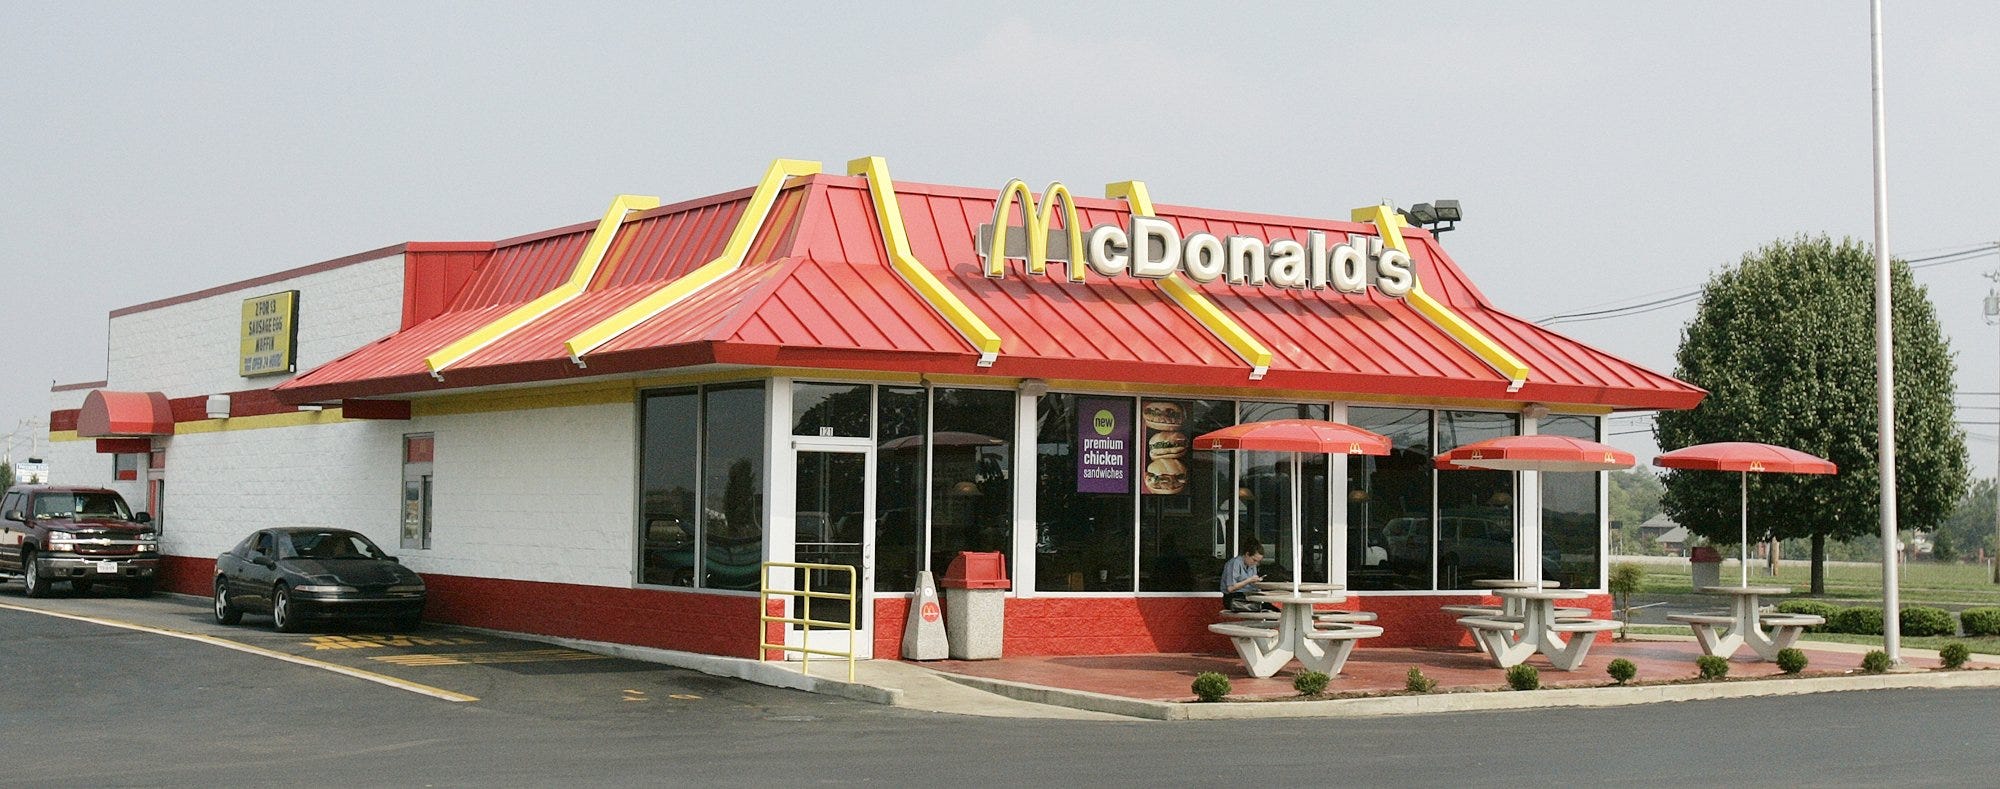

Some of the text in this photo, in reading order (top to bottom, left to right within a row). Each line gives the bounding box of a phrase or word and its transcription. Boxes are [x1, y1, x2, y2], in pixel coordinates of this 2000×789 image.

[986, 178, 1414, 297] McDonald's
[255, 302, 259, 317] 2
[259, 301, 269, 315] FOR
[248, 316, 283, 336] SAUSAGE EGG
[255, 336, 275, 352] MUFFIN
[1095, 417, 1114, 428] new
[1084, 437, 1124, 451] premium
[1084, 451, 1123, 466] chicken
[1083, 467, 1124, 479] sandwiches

^^^^^^^^

* **WHAT TO WORK ON**:
Please write out all of the material above without changing a word, and omit any pictures.

* **TASK ANSWER**:
Some of the text in this photo, in reading order (top to bottom, left to right within a row). Each line gives the bounding box of a phrase or word and its transcription. Boxes are [x1, y1, x2, y2], in pixel coordinates of this 2000×789 image.

[986, 178, 1414, 297] McDonald's
[255, 302, 259, 317] 2
[259, 301, 269, 315] FOR
[248, 316, 283, 336] SAUSAGE EGG
[255, 336, 275, 352] MUFFIN
[1095, 417, 1114, 428] new
[1084, 437, 1124, 451] premium
[1084, 451, 1123, 466] chicken
[1083, 467, 1124, 479] sandwiches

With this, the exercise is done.